Automated Learning of Semantic Embedding Representations for Diffusion Models
This work addresses the problem of learning semantic embeddings for diffusion models, which could benefit general-purpose deep learning applications, though it appears incremental as it builds on existing DDM frameworks.
The paper tackles the lack of efficient representation learning for denoising diffusion models (DDMs) by proposing a multi-level denoising autoencoder framework with Diffusion Transformers and a timestep-dependent encoder, resulting in embeddings that surpass state-of-the-art self-supervised methods in most cases.

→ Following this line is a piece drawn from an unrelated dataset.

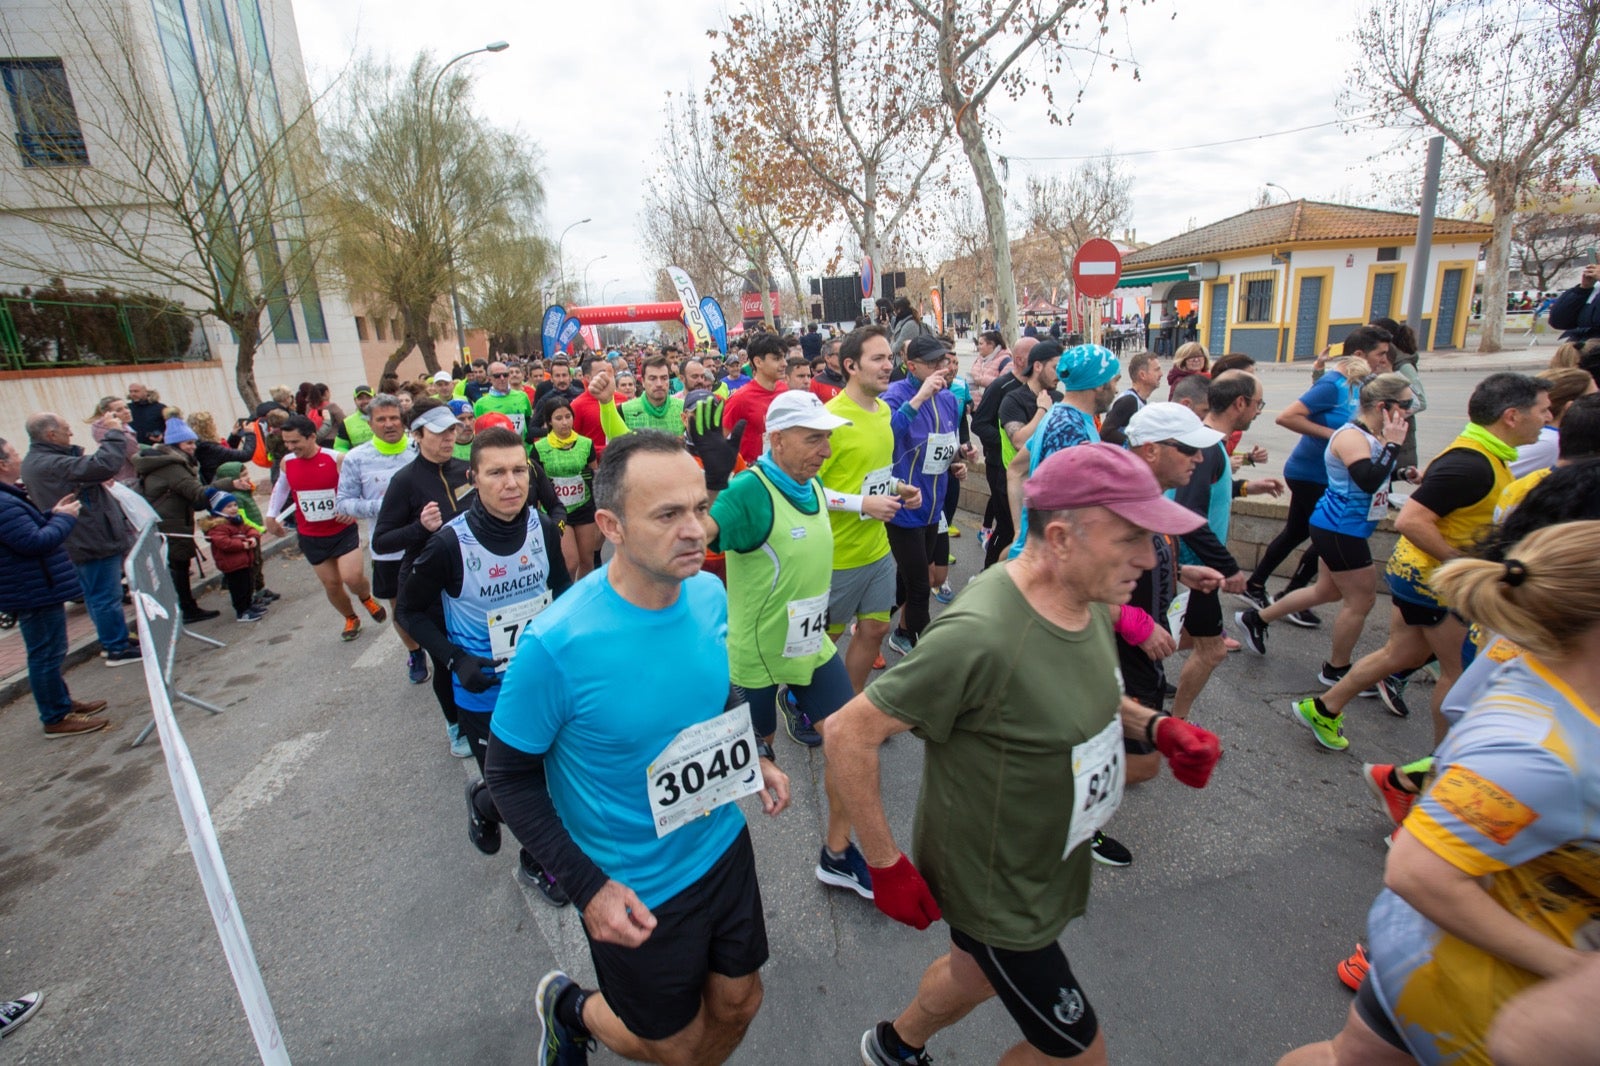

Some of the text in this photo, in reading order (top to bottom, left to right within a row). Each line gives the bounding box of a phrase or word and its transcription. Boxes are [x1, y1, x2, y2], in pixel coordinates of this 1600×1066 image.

Generative models capture the true distribution of data, yielding semantically rich representations. Denoising diffusion models (DDMs) exhibit superior generative capabilities, though efficient representation learning for them are lacking. In this work, we employ a multi-level denoising autoencoder framework to expand the representation capacity of DDMs, which introduces sequentially consistent Diffusion Transformers and an additional timestep-dependent encoder to acquire embedding representations on the denoising Markov chain through self-conditional diffusion learning. Intuitively, the encoder, conditioned on the entire diffusion process, compresses high-dimensional data into directional vectors in latent under different noise levels, facilitating the learning of image embeddings across all timesteps. To verify the semantic adequacy of embeddings generated through this approach, extensive experiments are conducted on various datasets, demonstrating that optimally learned embeddings by DDMs surpass state-of-the-art self-supervised representation learning methods in most cases, achieving remarkable discriminative semantic representation quality. Our work justifies that DDMs are not only suitable for generative tasks, but also potentially advantageous for general-purpose deep learning applications.